[updated March 8, 2012]
Music is among one of the most ancient and ubiquitous human activities. Daniel J. Levitin explains that archaeologists have found that some of the earliest tools created by humans are musical instruments used in ritual gatherings. This supports that historically, music has served as a cohesive mechanism for defining communities, for celebration and for mourning. Ancient music rituals were activities where everyone actively participated regardless of their musical expertise . Our present societies, in stark contrast, have developed a clear distinction between music performers and music listeners. As a result, collective music making has become reserved only for musicians, so most people never have the experience of making music with someone else.
There is however, a moment in our lives when we engage these collective experiences on a regular basis: in our childhood. In elementary school for instance, children are encouraged to play instruments and explore music together. Music becomes something fun to do with others by using play as a catalyst for the musical experience. Children are able to experience this only because the musical instruments they use have a low barrier to entry. A xylophone for example, is a very simple interface that requires a simple gesture, allowing children to quickly jump into the rewarding aspects of the musical experience without spending too much time learning how to play the instrument.
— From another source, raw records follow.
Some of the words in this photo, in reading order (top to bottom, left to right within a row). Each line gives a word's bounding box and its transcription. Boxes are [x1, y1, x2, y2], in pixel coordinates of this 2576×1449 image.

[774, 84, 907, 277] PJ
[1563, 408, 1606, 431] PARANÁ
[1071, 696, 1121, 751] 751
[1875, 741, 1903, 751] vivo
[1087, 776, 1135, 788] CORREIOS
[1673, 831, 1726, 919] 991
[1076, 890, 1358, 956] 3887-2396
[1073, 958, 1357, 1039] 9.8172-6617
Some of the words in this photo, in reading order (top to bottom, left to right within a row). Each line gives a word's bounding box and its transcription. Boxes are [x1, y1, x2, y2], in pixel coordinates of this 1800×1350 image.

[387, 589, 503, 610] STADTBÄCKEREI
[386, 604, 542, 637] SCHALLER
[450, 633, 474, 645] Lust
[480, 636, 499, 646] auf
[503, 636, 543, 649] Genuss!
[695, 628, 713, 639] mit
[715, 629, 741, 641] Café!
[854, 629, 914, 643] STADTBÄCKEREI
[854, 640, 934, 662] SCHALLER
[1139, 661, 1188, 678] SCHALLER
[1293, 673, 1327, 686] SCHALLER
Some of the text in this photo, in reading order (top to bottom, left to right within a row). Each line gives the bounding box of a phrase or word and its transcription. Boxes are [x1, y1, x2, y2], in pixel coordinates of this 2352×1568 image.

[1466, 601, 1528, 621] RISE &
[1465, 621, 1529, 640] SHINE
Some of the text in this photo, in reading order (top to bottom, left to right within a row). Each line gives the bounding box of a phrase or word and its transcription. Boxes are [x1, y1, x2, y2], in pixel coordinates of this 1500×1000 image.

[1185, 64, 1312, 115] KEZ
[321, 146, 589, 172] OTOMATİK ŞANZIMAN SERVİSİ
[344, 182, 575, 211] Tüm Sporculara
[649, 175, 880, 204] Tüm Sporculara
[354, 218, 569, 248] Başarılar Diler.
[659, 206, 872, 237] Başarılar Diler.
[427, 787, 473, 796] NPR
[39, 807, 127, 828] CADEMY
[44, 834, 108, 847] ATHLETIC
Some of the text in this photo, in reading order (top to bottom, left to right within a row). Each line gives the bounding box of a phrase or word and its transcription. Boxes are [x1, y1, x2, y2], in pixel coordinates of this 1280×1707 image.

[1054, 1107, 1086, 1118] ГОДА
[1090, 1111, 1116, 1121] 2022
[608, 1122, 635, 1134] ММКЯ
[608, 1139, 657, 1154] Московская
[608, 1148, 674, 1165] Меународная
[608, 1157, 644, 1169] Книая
Most traditional instruments, conversely, require a considerable practice to be mastered. “Not knowing how to play an instrument” is an often-cited reason why non-musicians feel incapable of participating in collective music experiences. With traditional instruments, the physical configuration that gives each instrument its unique sound also poses a often difficult challenge to mastery. Sound synthesis however, has opened new possibilities for alternative sound control devices such as the Reactable or the Lemur . Thanks to sound synthesis we can now start designing simpler musical interfaces in order to facilitate the musical experience for non-musicians since we are no longer constrained by the physical attributes of musical instruments.
Taking these ideas into account, I developed Simpletones, an interactive sound system that enables a sense of musical collaboration for non-musicians. Players can participate in musical improvisation with ease in real time by operating physical sound controllers in tandem. Simpletones encourages playful human-to-human interactions through a simple interface and a simple set of basic rules, enabling novices to be free from the need of previous musical experience to explore music in collaboration with other players.
By using play as a catalyst, participants can feel that they are playing instead of “performing”, in turn making collaborative musical improvisation more approachable for non-musicians. Without the need of musical mastery, participants can focus on the collaborative aspects of performance, such as synchronizing movements and collective decision-making, ultimately engaging a state of group ﬂow.
- Daniel J.Levitin. This is your brain on music : the science of human obsession. New York N.Y.: Dutton, 2006.
- Tina Blaine and Sidney Fels. 2003. Collaborative musical experiences for novices. Journal of New Music Research 32 (4) (12): 411-28.
- Daniel J.Levitin, Stephen McAdams, and Robert L. Adams. “Control Parameters for Musical Instruments: a Foundation for New Mappings of Gesture to Sound.” Organised Sound 7, no.02 (2003).
- M. Kaltenbrunner, S. Jordà , G.Geiger, and M.Alonso. The ReacTable: A Collaborative Musical Instrument. In Proceedings of WETICE. 2006, 406-411.
- Mihaly Csikszentmihalyi. Flow: The Psychology of Optimal Experience. New York: Harper & Row, 1990.